F1 – Récap de mi-saison : Alpine, meilleure des autres ?

Quatrième du classement constructeurs, Alpine a su se relever après un début de saison chaotique et une fiabilité inquiétante. Si bien qu’avec une A522 évoluée, Esteban Ocon et Fernando Alonso ont inscrit de précieux points et fait de l’écurie française la favorite pour terminer « meilleure des autres ».

Les deux Alpine en Hongrie
Les A522 d’Esteban Ocon et Fernando Alonso en Autriche. ©BWT Alpine

Un début de saison chaotique

Cette saison, le paddock a été confronté à un défi de taille avec les nouvelles règlementations techniques à gérer et un budget limité. Ce faisant, toutes les écuries ont connu quelques déboires. Et Alpine n’a pas échappé à la règle.

Lors des premières courses, Fernando Alonso et Esteban Ocon ont dû faire face à la puissance des monoplaces motorisées par Ferrari, à savoir les Haas et les Alfa Romeo.
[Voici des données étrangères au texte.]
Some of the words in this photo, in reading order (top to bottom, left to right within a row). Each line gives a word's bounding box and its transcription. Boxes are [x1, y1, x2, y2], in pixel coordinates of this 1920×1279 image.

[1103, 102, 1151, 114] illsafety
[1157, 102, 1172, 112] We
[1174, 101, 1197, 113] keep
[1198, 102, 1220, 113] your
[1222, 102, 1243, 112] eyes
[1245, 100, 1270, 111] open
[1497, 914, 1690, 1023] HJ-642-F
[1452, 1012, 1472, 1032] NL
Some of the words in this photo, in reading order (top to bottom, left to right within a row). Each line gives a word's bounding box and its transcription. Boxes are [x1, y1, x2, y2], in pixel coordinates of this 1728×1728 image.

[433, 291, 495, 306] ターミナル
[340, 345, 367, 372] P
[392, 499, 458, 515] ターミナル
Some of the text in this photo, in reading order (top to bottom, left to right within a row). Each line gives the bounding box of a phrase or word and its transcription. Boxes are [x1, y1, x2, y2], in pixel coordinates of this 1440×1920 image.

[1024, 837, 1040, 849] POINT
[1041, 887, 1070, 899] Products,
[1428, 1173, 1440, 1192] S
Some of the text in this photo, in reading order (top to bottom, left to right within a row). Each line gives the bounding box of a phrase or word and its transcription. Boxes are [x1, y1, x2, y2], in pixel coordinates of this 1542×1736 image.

Mais si celle de Valtteri Bottas et celle de Kevin Magnussen ont fini devant les Alpine à Bahreïn, Ocon a su tirer profit de la livrée rose 2022 pour se hisser à la sixième place en Arabie Saoudite quand Alonso était contraint à l’abandon.

Malgré tout, les deux pilotes des A522 ont pris l’habitude de se classer parmi les dix premiers et on note sept double arrivées dans les points en treize courses. Pour autant, Esteban Ocon s’est montré plus constant que son coéquipier jusqu’ici, quitte à décrocher une belle cinquième place en Autriche, une semaine après la cinquième place d’Alonso à Silverstone. Au classement des pilotes, Ocon occupe la huitième place avec 58 points, soit 17 de plus que l’Espagnol qui a tout de même décroché une place en première ligne sur la grille de départ canadienne.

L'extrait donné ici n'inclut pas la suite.